> **Exercise brief**: An exact transcription of every record is needed, leaving out the pictures.

(Free-text object descriptions)
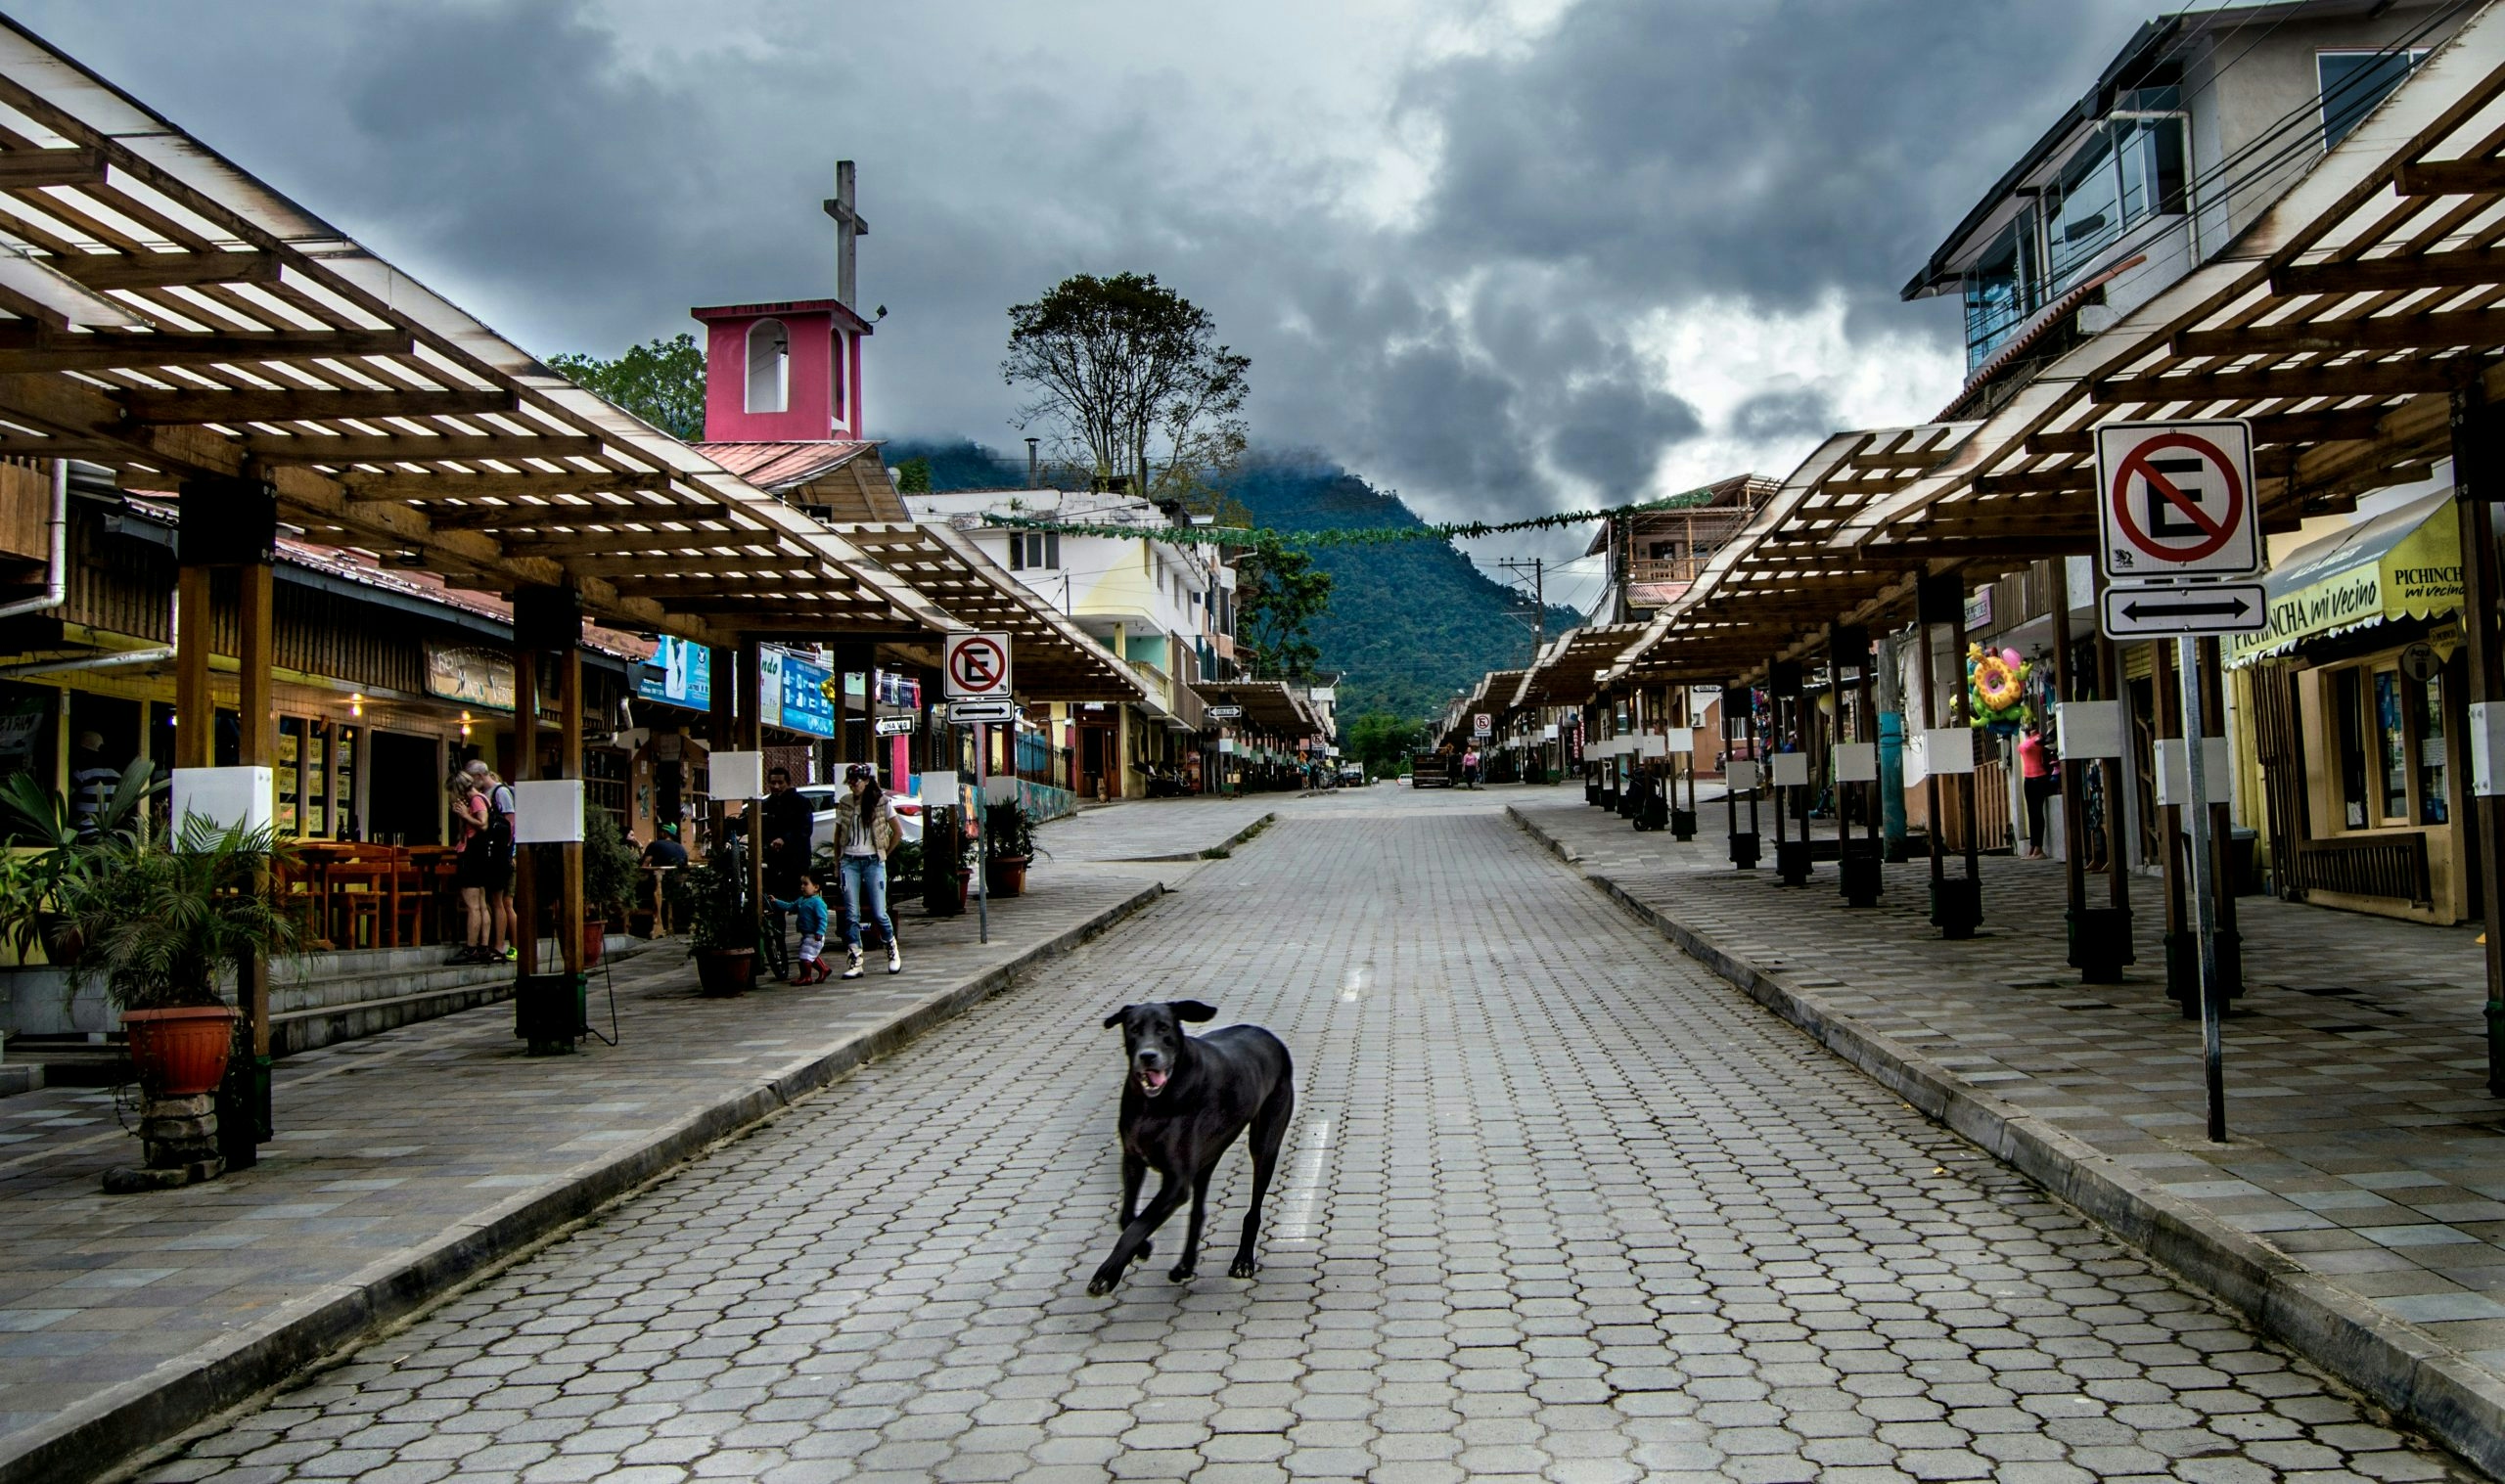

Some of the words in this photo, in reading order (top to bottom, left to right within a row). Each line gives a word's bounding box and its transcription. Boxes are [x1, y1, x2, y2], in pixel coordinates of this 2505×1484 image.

[2146, 458, 2211, 539] E
[2395, 566, 2464, 585] PICHINCH
[2405, 586, 2424, 599] mi
[2310, 588, 2329, 625] mi
[761, 656, 778, 675] ndo
[965, 649, 992, 682] E
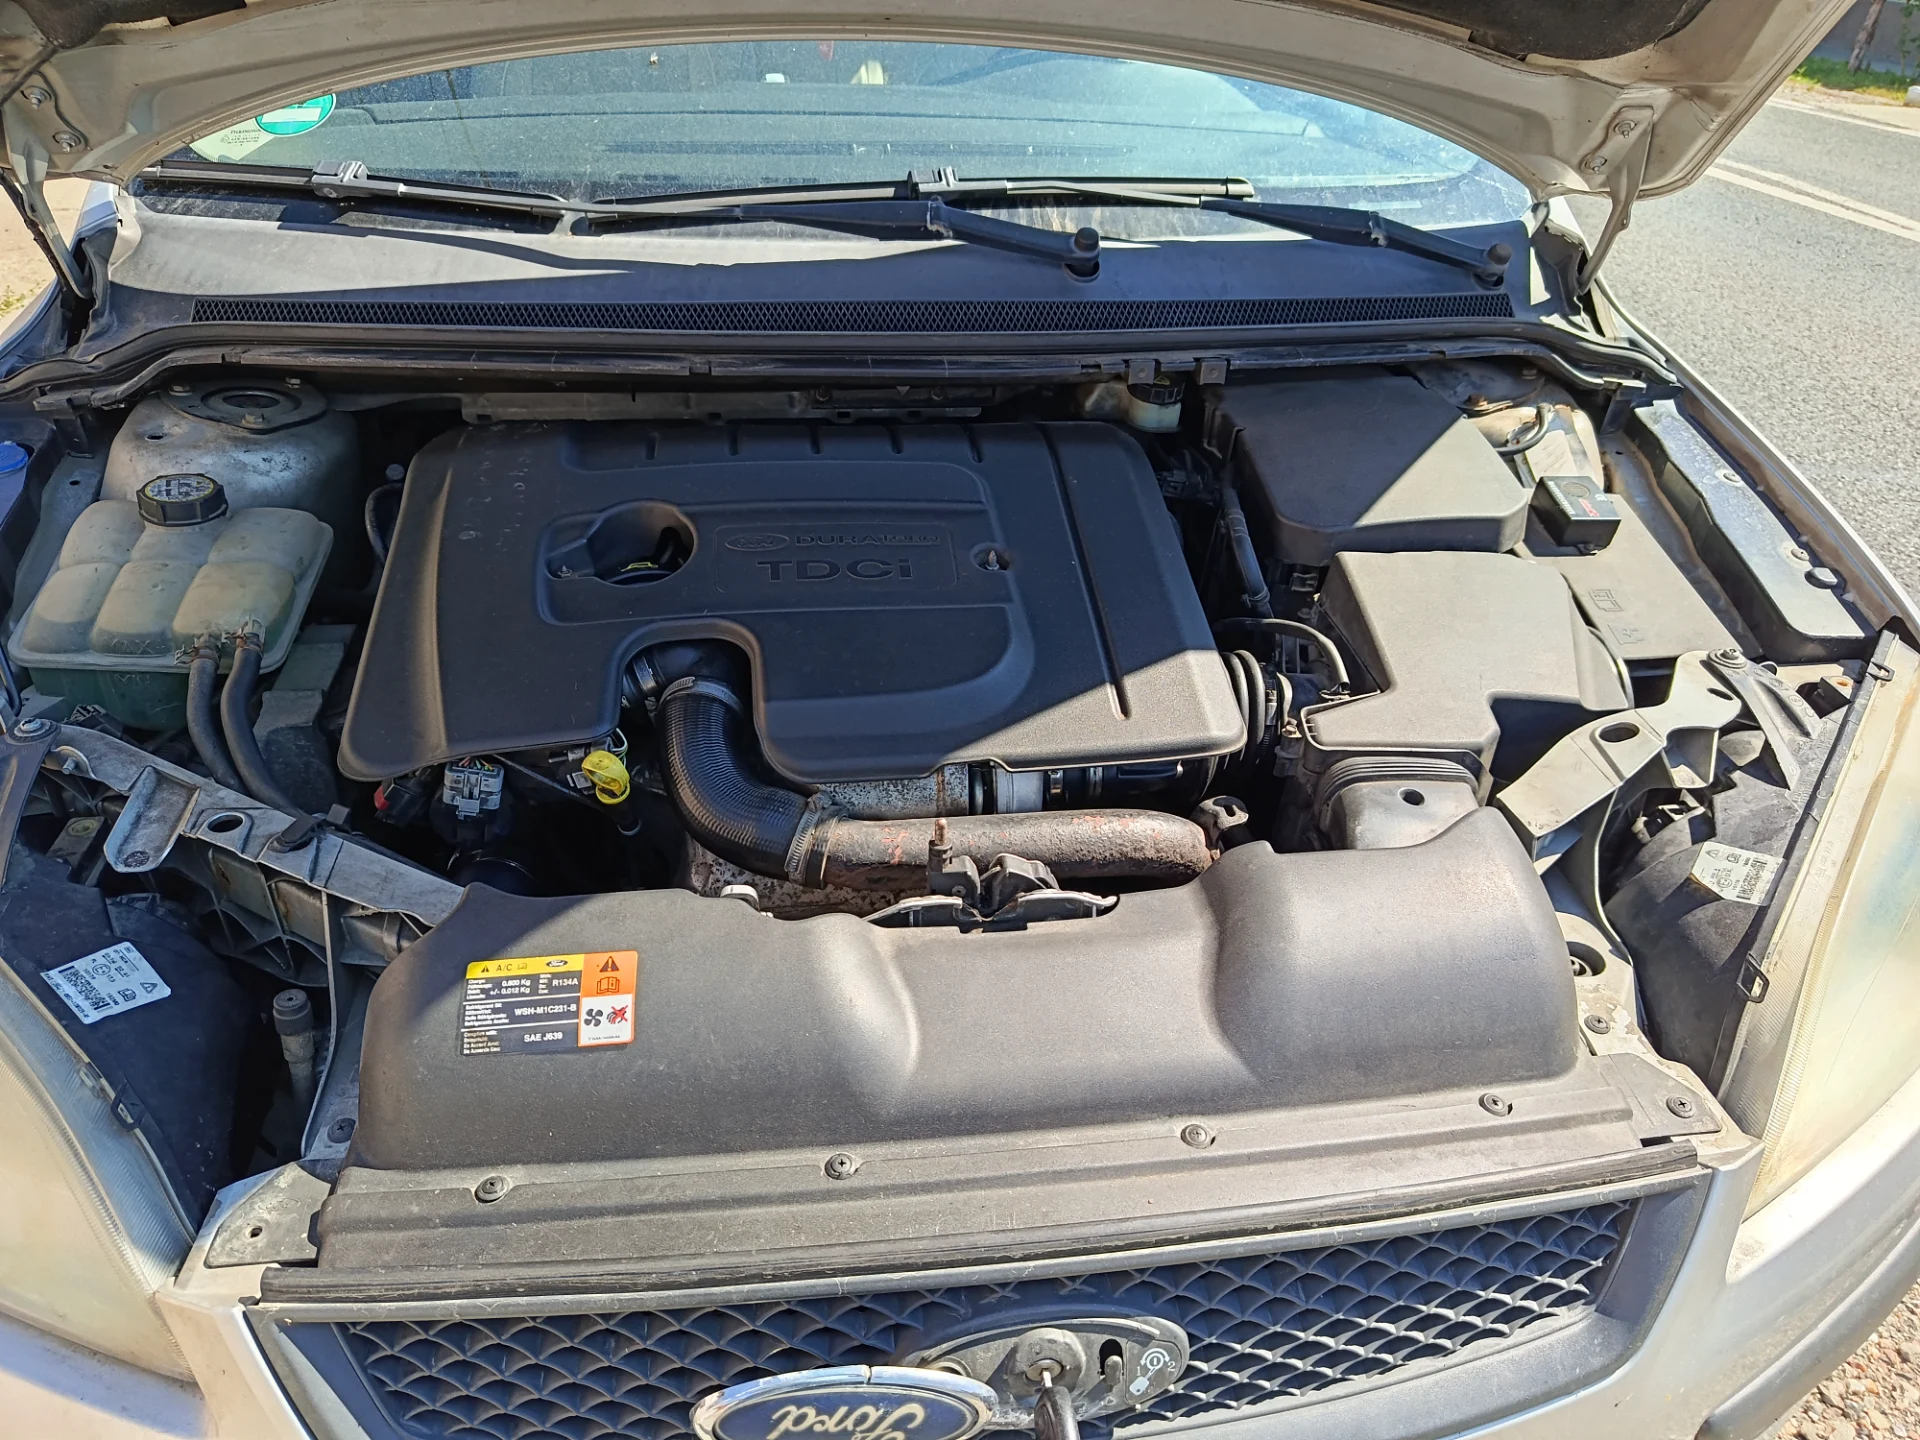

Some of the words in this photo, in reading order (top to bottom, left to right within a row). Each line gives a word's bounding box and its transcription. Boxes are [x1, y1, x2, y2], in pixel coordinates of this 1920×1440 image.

[757, 558, 913, 582] TDCi
[495, 963, 513, 973] A/C
[520, 978, 531, 988] Kg
[552, 977, 579, 988] R134A
[501, 987, 520, 996] 0.012
[520, 986, 531, 995] Kg
[514, 1003, 577, 1016] WSH-M1C231-B
[523, 1033, 542, 1043] SAE
[543, 1031, 563, 1042] J639
[1136, 1365, 1142, 1377] 1
[1166, 1360, 1176, 1372] 2
[766, 1402, 925, 1440] Ford
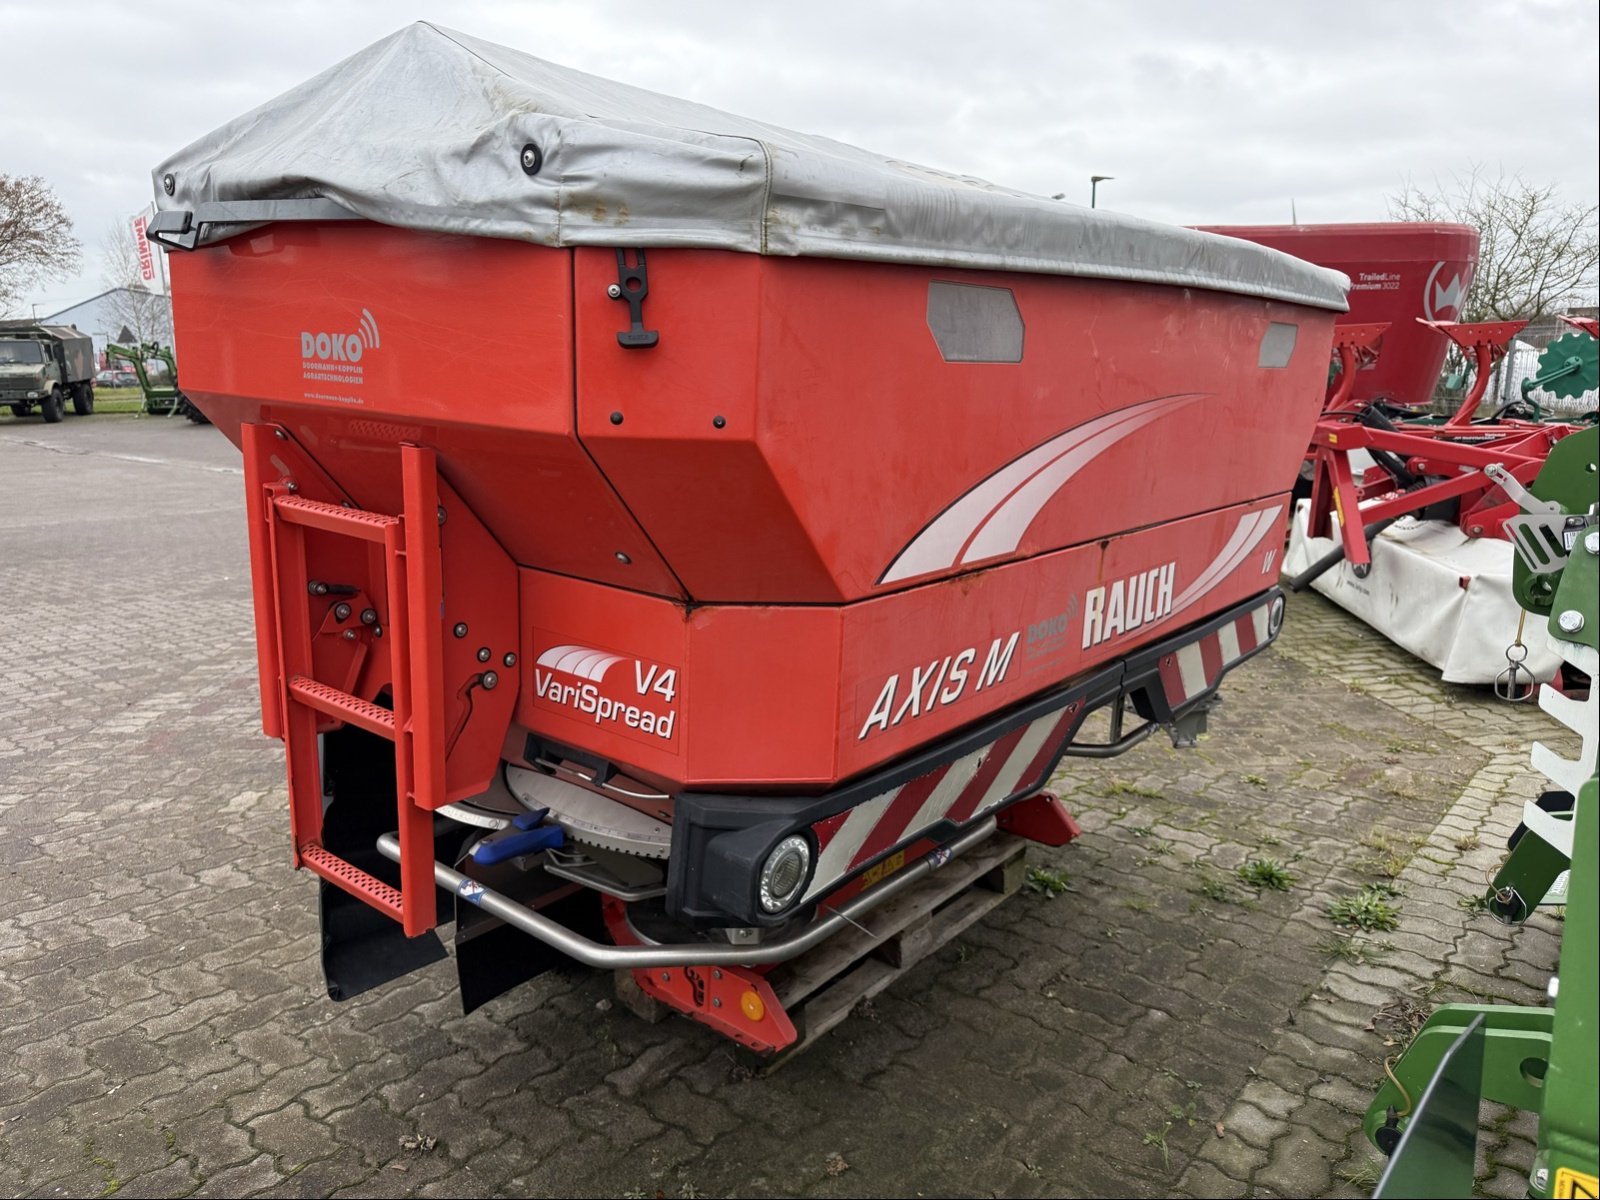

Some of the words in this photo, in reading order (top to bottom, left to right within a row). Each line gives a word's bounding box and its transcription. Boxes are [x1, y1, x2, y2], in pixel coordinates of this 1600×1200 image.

[1359, 272, 1401, 281] TrailedLine
[1382, 281, 1400, 290] 3022
[301, 331, 363, 362] DOKO
[1081, 562, 1177, 650] RAUCH
[1027, 613, 1069, 645] DOKO
[635, 659, 677, 703] V4
[857, 647, 976, 741] AXIS
[975, 631, 1020, 693] M
[535, 668, 676, 740] VariSpread

> **Completed exercise**:
Some of the words in this photo, in reading order (top to bottom, left to right within a row). Each line gives a word's bounding box and its transcription. Boxes are [x1, y1, x2, y2], in pixel coordinates of this 2505×1484 image.

[2146, 458, 2211, 539] E
[2395, 566, 2464, 585] PICHINCH
[2405, 586, 2424, 599] mi
[2310, 588, 2329, 625] mi
[761, 656, 778, 675] ndo
[965, 649, 992, 682] E

Some of the words in this photo, in reading order (top to bottom, left to right within a row). Each line gives a word's bounding box and its transcription. Boxes are [x1, y1, x2, y2], in pixel coordinates of this 1920×1440 image.

[757, 558, 913, 582] TDCi
[495, 963, 513, 973] A/C
[520, 978, 531, 988] Kg
[552, 977, 579, 988] R134A
[501, 987, 520, 996] 0.012
[520, 986, 531, 995] Kg
[514, 1003, 577, 1016] WSH-M1C231-B
[523, 1033, 542, 1043] SAE
[543, 1031, 563, 1042] J639
[1136, 1365, 1142, 1377] 1
[1166, 1360, 1176, 1372] 2
[766, 1402, 925, 1440] Ford

Some of the words in this photo, in reading order (top to bottom, left to right within a row). Each line gives a word's bounding box and its transcription. Boxes are [x1, y1, x2, y2], in pixel coordinates of this 1600×1200 image.

[1359, 272, 1401, 281] TrailedLine
[1382, 281, 1400, 290] 3022
[301, 331, 363, 362] DOKO
[1081, 562, 1177, 650] RAUCH
[1027, 613, 1069, 645] DOKO
[635, 659, 677, 703] V4
[857, 647, 976, 741] AXIS
[975, 631, 1020, 693] M
[535, 668, 676, 740] VariSpread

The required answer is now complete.